Exports of Ewe-produced palm oil, along with a harsh system of taxation, resulted in a positive financial balance for the colony by 1907. For this reason, the Germans referred to Togo as their Musterkolonie, or "showcase colony." The Germans required 12 days of forced labor yearly from every able-bodied male in the colony, or a cash payment calculated on the basis of an individual's (often non-cash) income. Forced labor was deployed primarily on public works projects, such as the pier at Lom?, completed in 1904, and a series of railroads radiating out from the capital to the major cash-crop production zones in the south.

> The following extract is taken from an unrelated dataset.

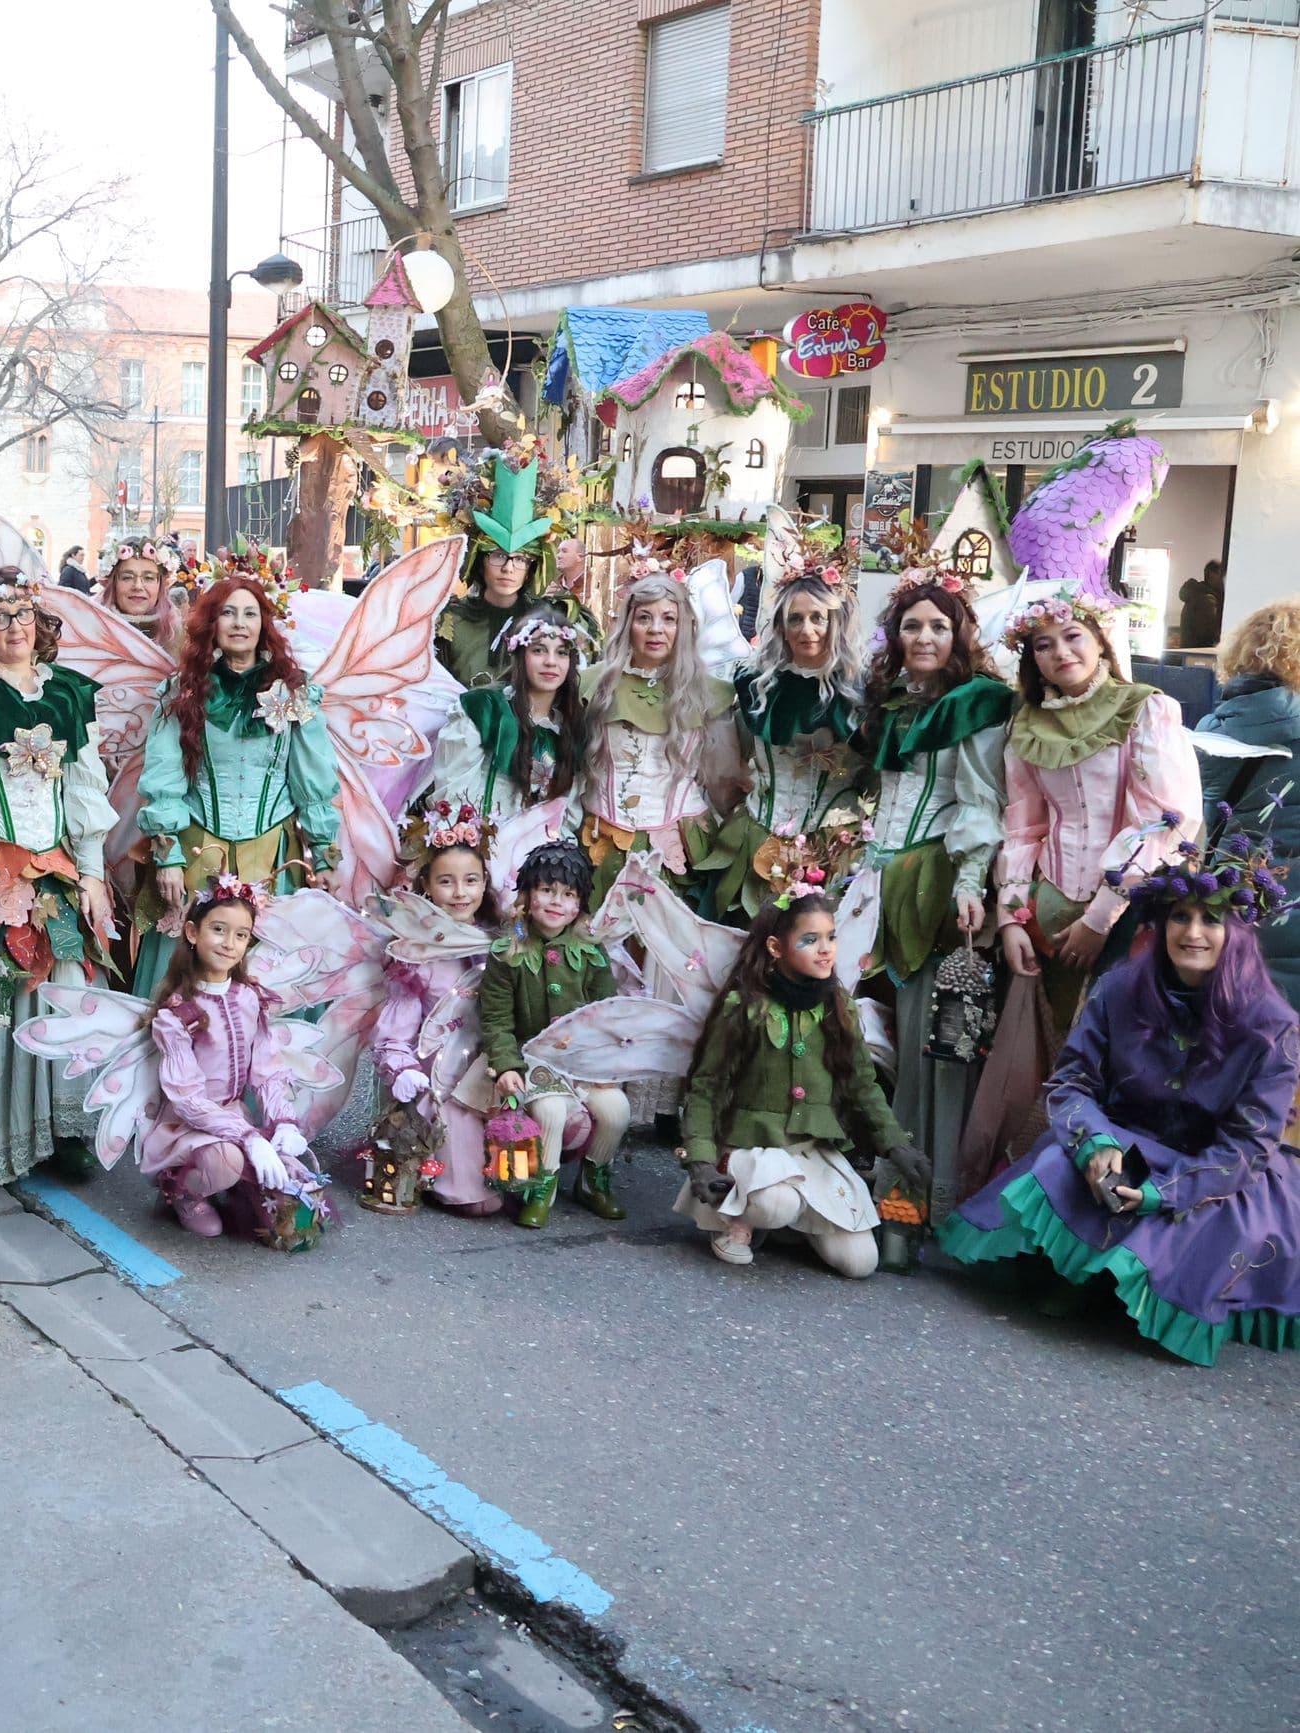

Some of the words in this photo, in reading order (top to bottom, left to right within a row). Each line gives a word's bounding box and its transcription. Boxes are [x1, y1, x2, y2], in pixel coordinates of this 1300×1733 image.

The possibility of substituting a cash payment for forced labor encouraged many Togolese to cultivate cash crops or accept wage labor. Germans enlisted researchers, including several from the Tuskegee Institute of Alabama, in finding a variety of cotton suited to the climate, and cotton became one of the colony's major exports. Though a few German settlers managed plantations, the colonial administration left production of both subsistence and cash crops mostly in the hands of Togolese, while German firms on the coast handled processing and export. Ownership of cocoa plantations in the mountainous interior provided the basis for an indigenous, mostly Ewe, bourgeoisie. Together, these developments yielded steadily increasing export earnings as well as the growth of a class of wage laborers, particularly in the south, no longer tied to subsistence agriculture. The Germans also recruited Togolese, especially Ewe educated in mission schools, to positions in the local administration.
When World War I broke out in 1914, France and Great Britain invaded Togo from neighboring Dahomey and the Gold Coast, and within a month had seized the entire colony. In 1919 the two countries agreed to partition German Togoland into two League of Nations mandates. France received the eastern two-thirds, including Lom? and the entire coastline and rail network, and Britain received a strip of land bordering its Gold Coast colony (modern-day Ghana).